▶ [TASK BRIEF] Every line from the one bearing "this 2126×1417 image." through the last line of the entries should be printed exactly, with no other output.

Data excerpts
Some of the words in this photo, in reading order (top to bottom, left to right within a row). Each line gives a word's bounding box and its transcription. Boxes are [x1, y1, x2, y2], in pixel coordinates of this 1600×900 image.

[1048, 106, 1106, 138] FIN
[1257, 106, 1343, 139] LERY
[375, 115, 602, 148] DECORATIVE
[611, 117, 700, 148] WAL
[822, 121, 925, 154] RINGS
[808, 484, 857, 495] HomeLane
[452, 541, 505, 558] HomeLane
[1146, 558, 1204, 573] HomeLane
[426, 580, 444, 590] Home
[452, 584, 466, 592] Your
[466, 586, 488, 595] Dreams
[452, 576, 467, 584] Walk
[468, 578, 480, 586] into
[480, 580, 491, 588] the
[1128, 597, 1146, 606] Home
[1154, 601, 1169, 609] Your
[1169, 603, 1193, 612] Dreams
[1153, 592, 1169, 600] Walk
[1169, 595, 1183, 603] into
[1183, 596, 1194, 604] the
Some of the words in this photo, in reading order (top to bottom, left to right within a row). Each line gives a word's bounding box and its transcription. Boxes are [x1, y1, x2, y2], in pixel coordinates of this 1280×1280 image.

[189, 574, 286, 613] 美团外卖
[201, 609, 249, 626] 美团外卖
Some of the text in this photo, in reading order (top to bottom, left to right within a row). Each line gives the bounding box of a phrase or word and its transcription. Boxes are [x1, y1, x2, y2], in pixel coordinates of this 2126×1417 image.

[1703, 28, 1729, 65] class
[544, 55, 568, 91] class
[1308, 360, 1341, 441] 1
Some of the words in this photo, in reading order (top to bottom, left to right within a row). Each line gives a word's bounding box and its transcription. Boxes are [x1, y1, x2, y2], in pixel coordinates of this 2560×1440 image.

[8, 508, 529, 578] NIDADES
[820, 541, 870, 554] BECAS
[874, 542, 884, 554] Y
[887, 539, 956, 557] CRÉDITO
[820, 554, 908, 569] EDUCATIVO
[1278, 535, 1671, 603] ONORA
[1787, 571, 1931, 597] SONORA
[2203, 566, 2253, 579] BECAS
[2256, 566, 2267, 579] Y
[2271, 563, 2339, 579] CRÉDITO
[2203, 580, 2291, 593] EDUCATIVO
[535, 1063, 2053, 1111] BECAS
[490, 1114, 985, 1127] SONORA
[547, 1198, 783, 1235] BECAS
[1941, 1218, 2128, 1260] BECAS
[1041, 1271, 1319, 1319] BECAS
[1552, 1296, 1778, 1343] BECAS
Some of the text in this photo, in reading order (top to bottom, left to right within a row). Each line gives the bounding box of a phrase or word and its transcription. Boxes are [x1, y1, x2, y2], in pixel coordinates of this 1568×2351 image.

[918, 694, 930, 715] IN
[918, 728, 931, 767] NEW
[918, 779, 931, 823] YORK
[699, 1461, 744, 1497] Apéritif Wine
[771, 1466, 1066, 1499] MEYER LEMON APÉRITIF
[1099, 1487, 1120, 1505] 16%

▶ [FINISHED EXERCISE]
Some of the text in this photo, in reading order (top to bottom, left to right within a row). Each line gives the bounding box of a phrase or word and its transcription. Boxes are [x1, y1, x2, y2], in pixel coordinates of this 2126×1417 image.

[1703, 28, 1729, 65] class
[544, 55, 568, 91] class
[1308, 360, 1341, 441] 1
Some of the words in this photo, in reading order (top to bottom, left to right within a row). Each line gives a word's bounding box and its transcription. Boxes are [x1, y1, x2, y2], in pixel coordinates of this 2560×1440 image.

[8, 508, 529, 578] NIDADES
[820, 541, 870, 554] BECAS
[874, 542, 884, 554] Y
[887, 539, 956, 557] CRÉDITO
[820, 554, 908, 569] EDUCATIVO
[1278, 535, 1671, 603] ONORA
[1787, 571, 1931, 597] SONORA
[2203, 566, 2253, 579] BECAS
[2256, 566, 2267, 579] Y
[2271, 563, 2339, 579] CRÉDITO
[2203, 580, 2291, 593] EDUCATIVO
[535, 1063, 2053, 1111] BECAS
[490, 1114, 985, 1127] SONORA
[547, 1198, 783, 1235] BECAS
[1941, 1218, 2128, 1260] BECAS
[1041, 1271, 1319, 1319] BECAS
[1552, 1296, 1778, 1343] BECAS
Some of the text in this photo, in reading order (top to bottom, left to right within a row). Each line gives the bounding box of a phrase or word and its transcription. Boxes are [x1, y1, x2, y2], in pixel coordinates of this 1568×2351 image.

[918, 694, 930, 715] IN
[918, 728, 931, 767] NEW
[918, 779, 931, 823] YORK
[699, 1461, 744, 1497] Apéritif Wine
[771, 1466, 1066, 1499] MEYER LEMON APÉRITIF
[1099, 1487, 1120, 1505] 16%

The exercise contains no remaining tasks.